About this exercise:
Below are records to repeat exactly. Omit the pictures from the copy.

Excerpts from a dataset
☆ ☆ ☆ ☆ ☆ ☆ ☆

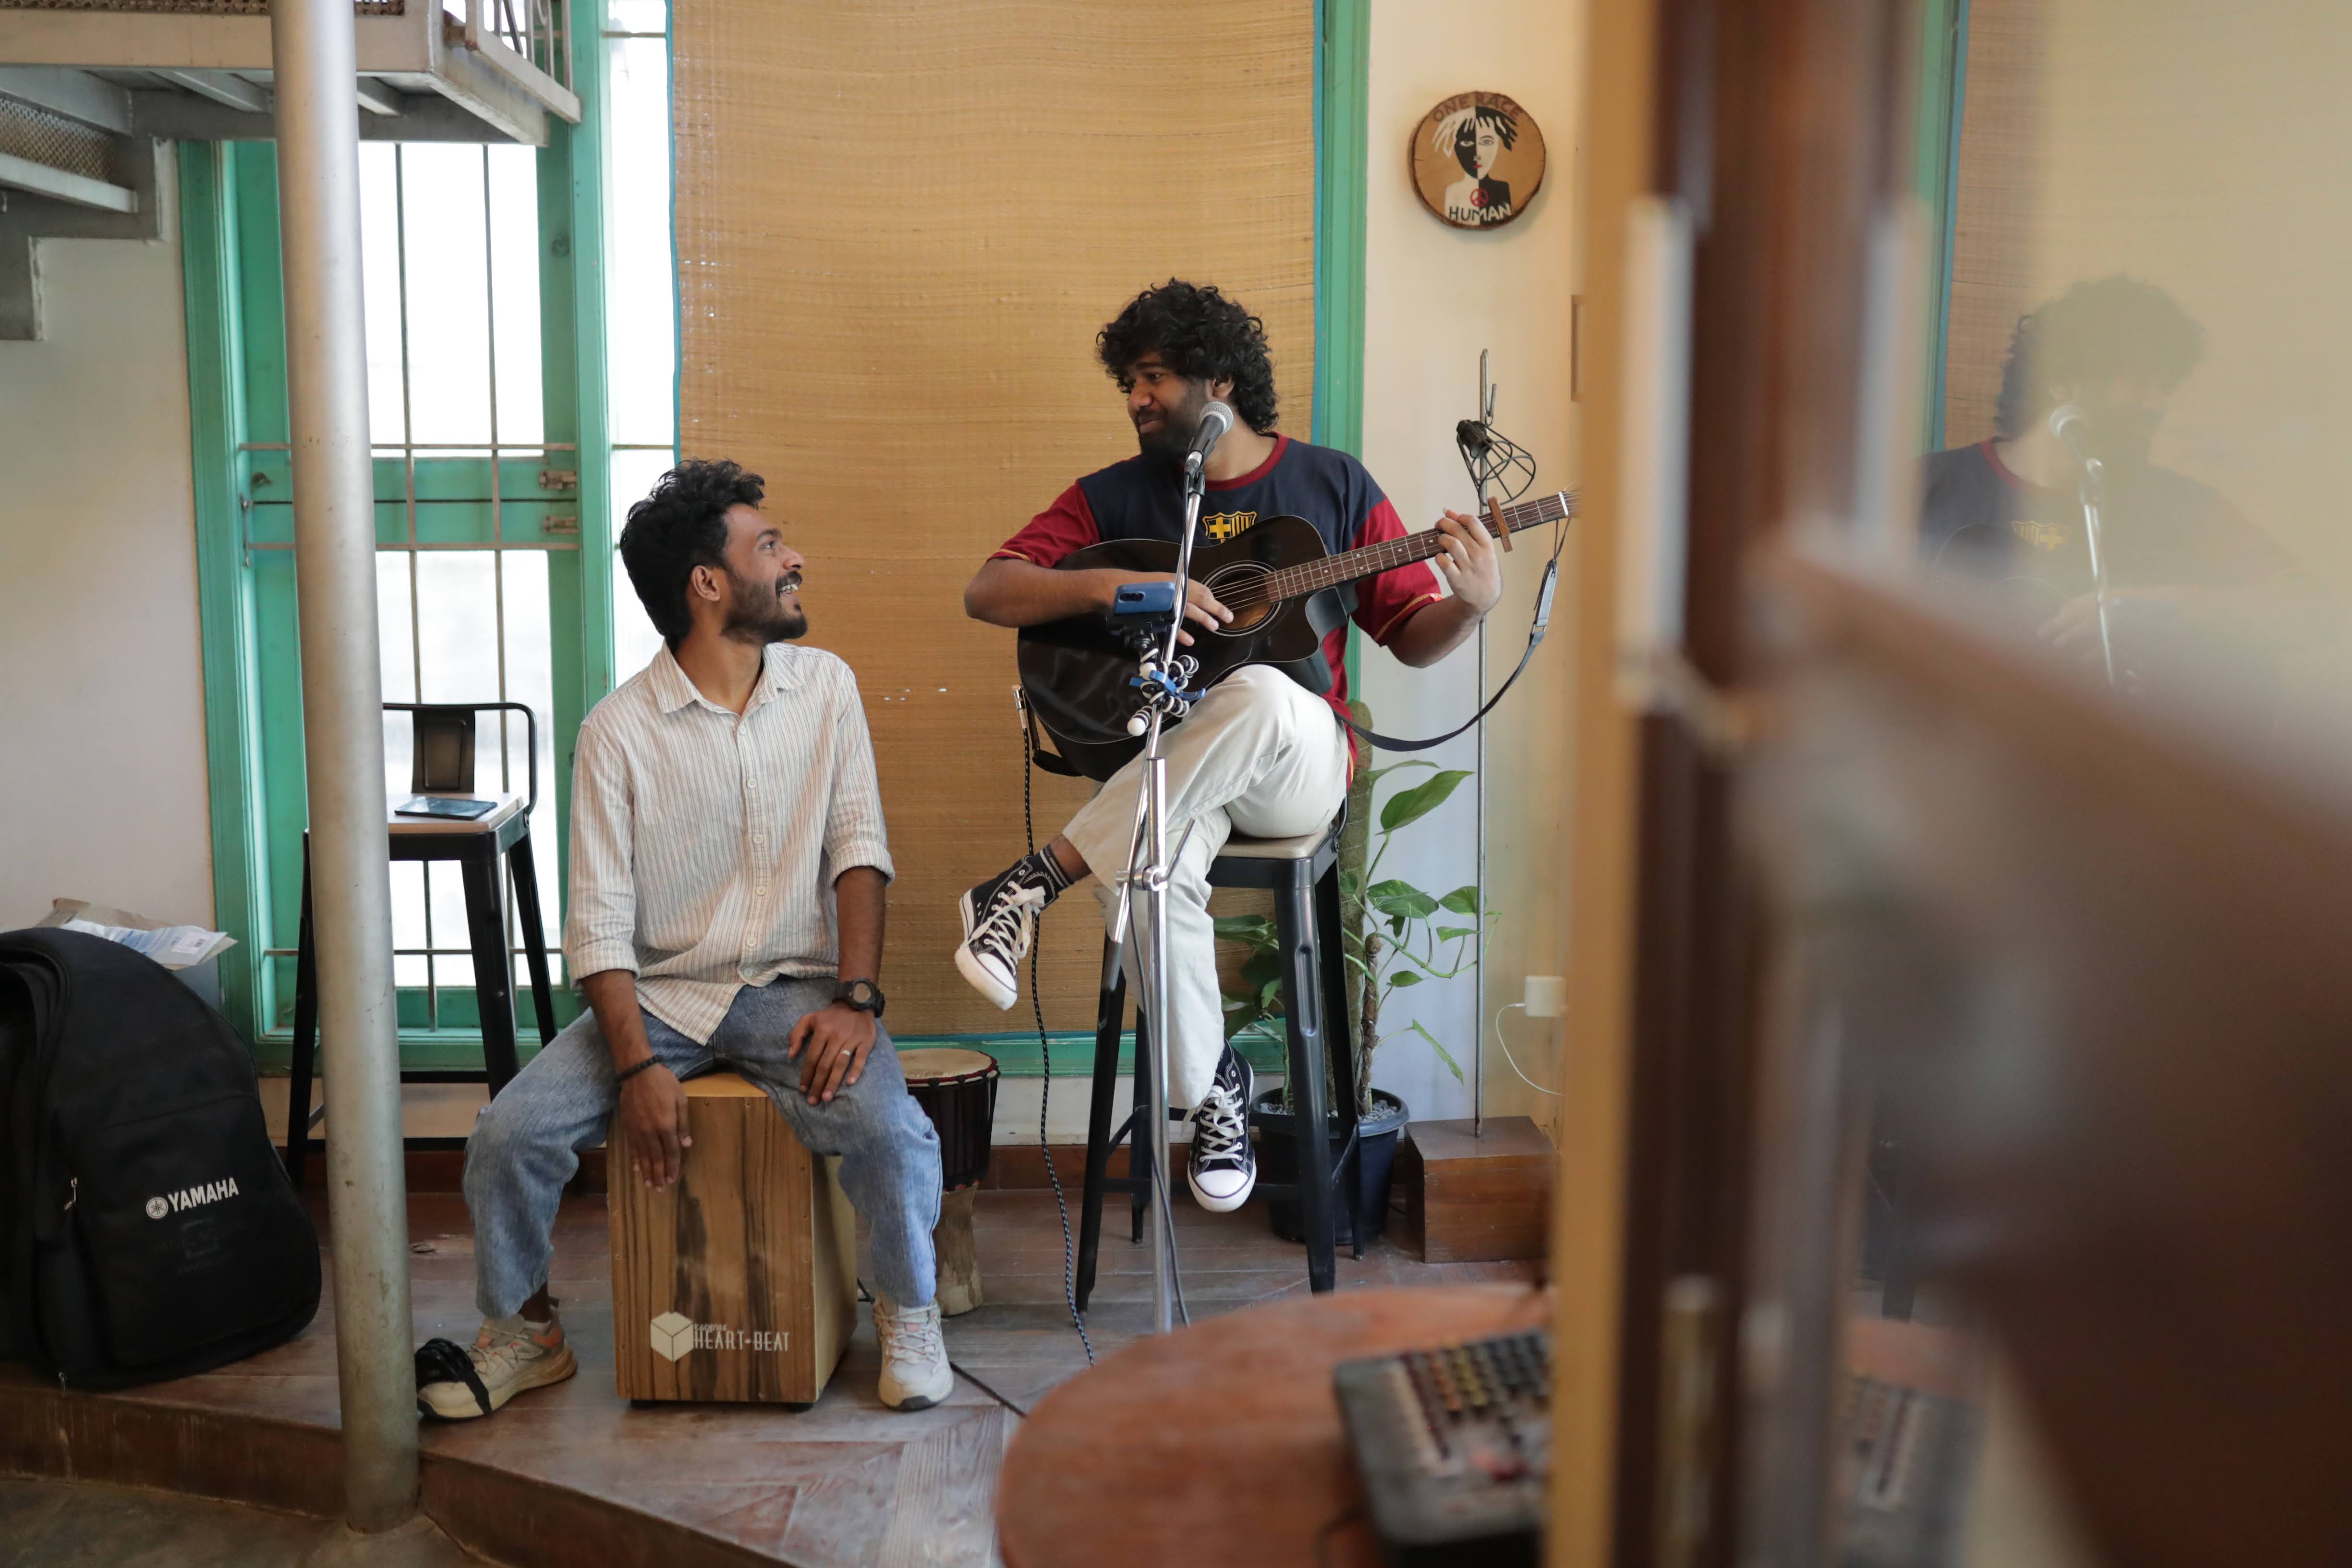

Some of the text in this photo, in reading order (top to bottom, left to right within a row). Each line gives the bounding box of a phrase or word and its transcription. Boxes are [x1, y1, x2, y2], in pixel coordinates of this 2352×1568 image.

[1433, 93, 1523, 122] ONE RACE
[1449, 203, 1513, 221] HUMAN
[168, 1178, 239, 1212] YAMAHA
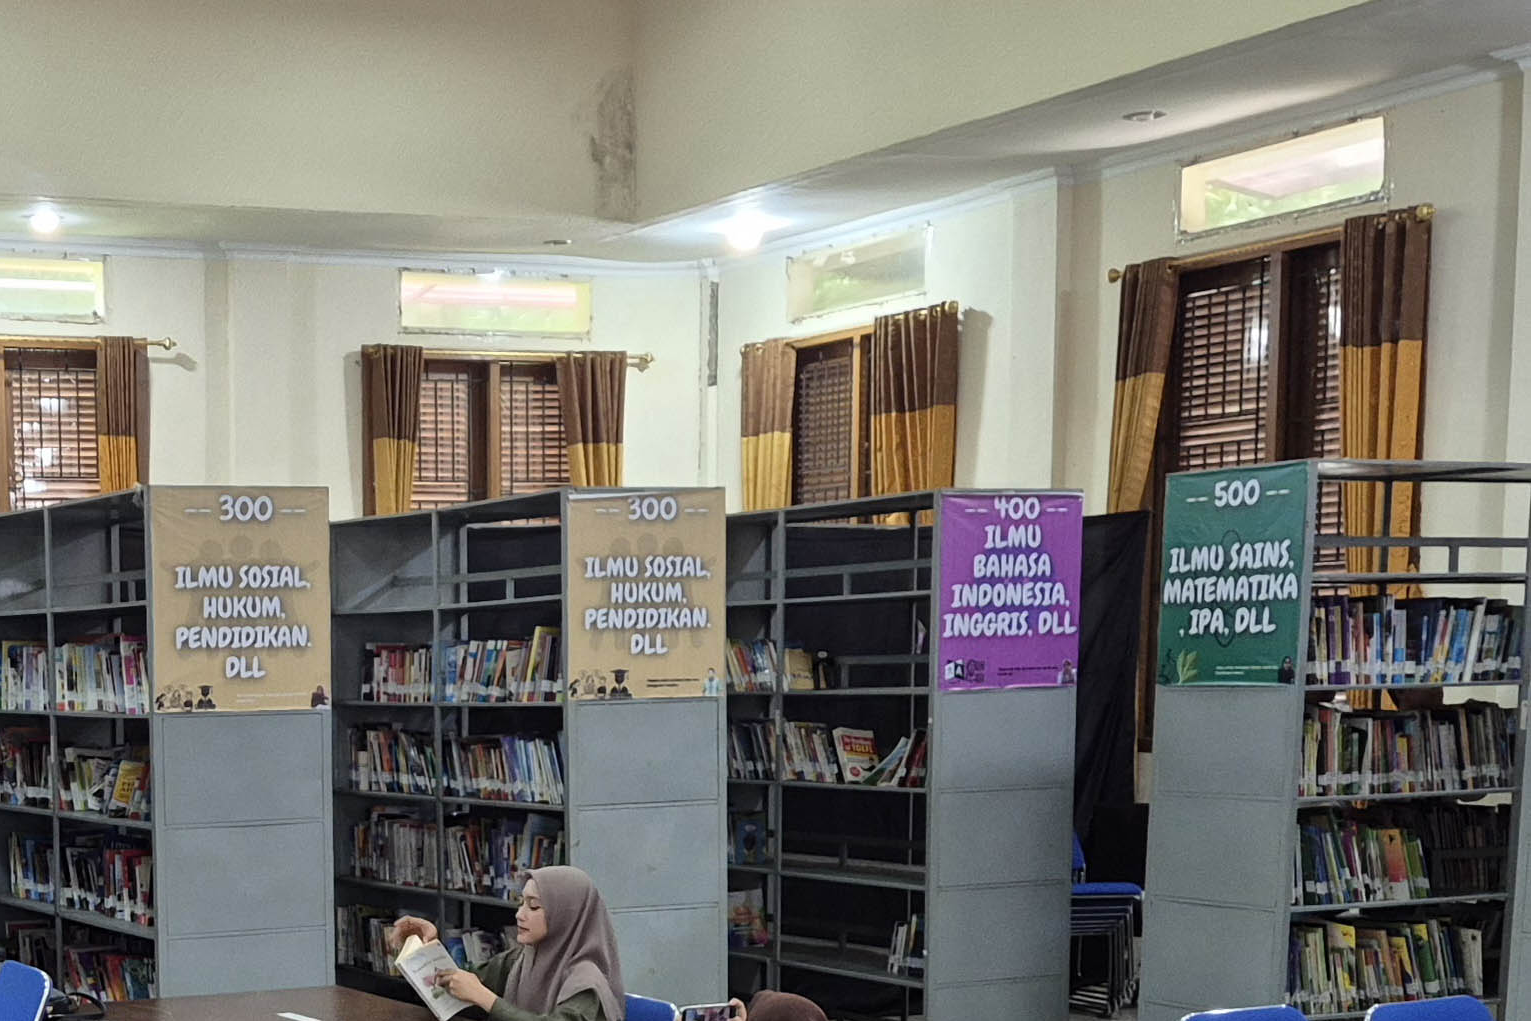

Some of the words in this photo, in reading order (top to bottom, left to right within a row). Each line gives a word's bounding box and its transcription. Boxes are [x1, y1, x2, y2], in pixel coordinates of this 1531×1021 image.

☆ ☆ ☆ ☆ ☆ ☆ ☆

Answer box:
Some of the text in this photo, in reading order (top to bottom, left to right within a row). Each line gives the bounding box of a phrase or word and its transcription. Boxes are [x1, y1, x2, y2], in pixel coordinates of this 2352×1568 image.

[1433, 93, 1523, 122] ONE RACE
[1449, 203, 1513, 221] HUMAN
[168, 1178, 239, 1212] YAMAHA

Some of the words in this photo, in reading order (top to bottom, left to right within a row). Each line gives a word's bounding box and its transcription. Boxes are [x1, y1, x2, y2], in pixel coordinates of this 1531×1021 image.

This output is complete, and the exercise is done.